Sono passati quasi 60 anni dalla tragedia avvenuta nella miniera di carbone a Marcinelle, in Belgio, nella quale persero la vita 262 minatori. Per meta' erano italiani e di questi ben 60 erano abruzzesi. Ed oggi l'Abruzzo non dimentica questa tragedia, anche ne corso della cerimonia di conferimento dei riconoscimenti degli “Ambasciatori d’Abruzzo nel Mondo”, in fase di svolgimento a Pescara, nella sala conferenze della “Casa d’Annunzio”.

«La tragedia di Marcinelle - ha detto il presidente del Consiglio regionale Nazario Pagano - è un simbolo ancora vivo e indelebile dell’emigrazione abruzzese e testimonia, a distanza di 60 anni, come il tema della sicurezza del lavoro sia un valore assoluto, attuale e irrinunciabile. In questo giorno dedicato al ricordo, rivolgo il mio pensiero di solidarietà alle famiglie dei nostri emigranti morti nella tragedia della miniera del Bois du Cazier».

Dichiara invece il consigliere regionale del Pd Giuseppe Di Pangrazio:

“Credo che la giornata odierna, in occasione del 57^ anniversario della tragedia di Marcinelle dove persero la vita 262 lavoratori, quasi la metà italiani di cui una sessantina abruzzesi, debba poter costituire un’occasione di riflessione sui tanti temi che caratterizzano oggi il mondo del lavoro a cominciare da quelli della sicurezza.

L’Abruzzo che ha conosciuto nel tempo la piaga dell’emigrazione ed ha pagato nella circostanza un tributo elevato di vite umane. Nel ricordo commosso di quanto accaduto – ha proseguito Di Pangrazio - oggi è nostro dovere, a qualsiasi livello di responsabilità siamo chiamati, di intensificare il nostro impegno per garantire ad ogni cittadino la dignità ed il diritto al lavoro ma soprattutto le condizioni massime di sicurezza”.

Scrive sul suo profilo Facebook Giovanni Legnini, sottosegretario alla presidenza del Consiglio con delega all'Attuazione del programma e all'Editoria.

''Sono passati quasi 60 anni dalla tragedia avvenuta nella miniera di carbone a Marcinelle, in Belgio, nella quale persero la vita 262 minatori. Per meta' erano italiani e di questi ben 60 erano abruzzesi.

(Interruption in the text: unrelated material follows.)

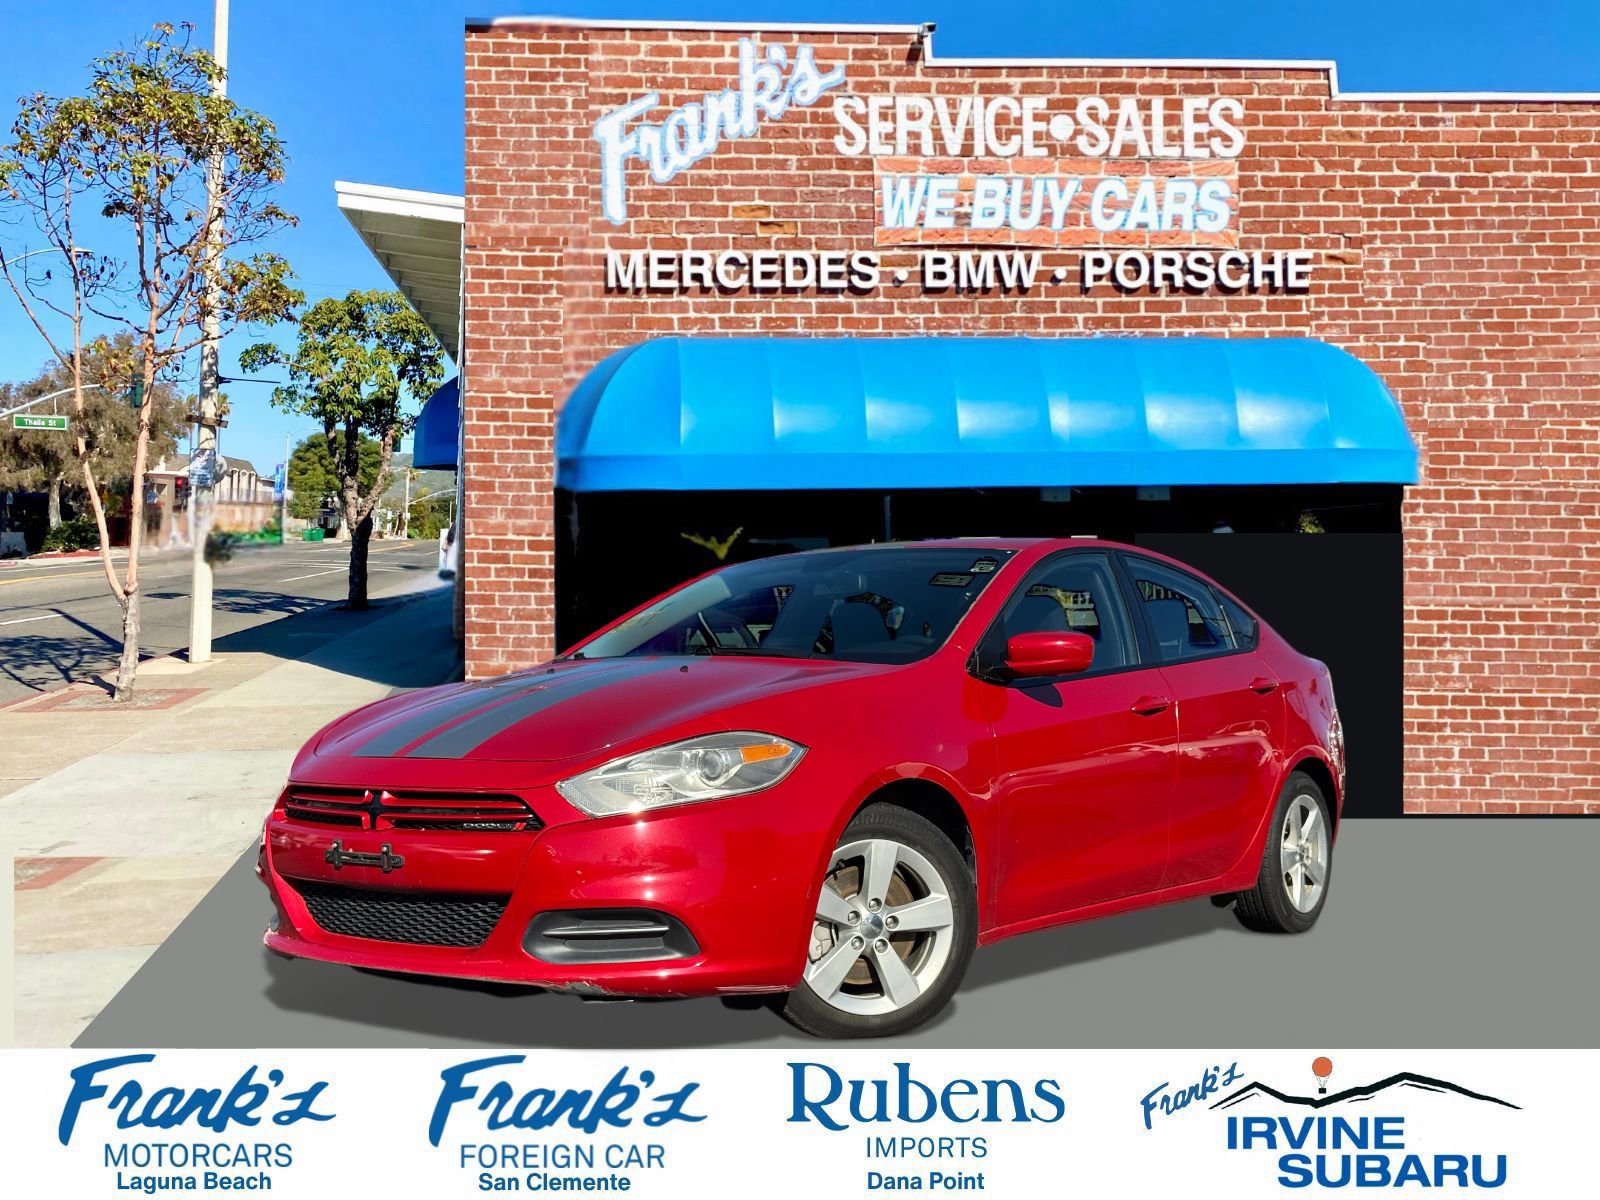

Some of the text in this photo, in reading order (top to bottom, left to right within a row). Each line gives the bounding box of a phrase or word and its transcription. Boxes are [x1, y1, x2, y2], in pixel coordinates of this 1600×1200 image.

[594, 38, 846, 225] Frank's
[881, 175, 1233, 233] WE BUY CARS
[606, 251, 1313, 290] MERCEDES BMW PORSCHE
[48, 419, 57, 427] St

Uomini, anche giovanissimi, costretti a lasciare la propria terra per cercare altrove l'opportunita' di una vita migliore ma che, invece, hanno trovato la morte. In occasione dell'anniversario di quel terribile giorno e' doveroso ricordare quanti, in Italia e all'Estero, continuano morire sui luoghi di lavoro.

La memoria deve servire da sprone per non abbassare mai la guardia sul piano della regolazione, dei controlli, della crescita della cultura della sicurezza e dell'integrazione". 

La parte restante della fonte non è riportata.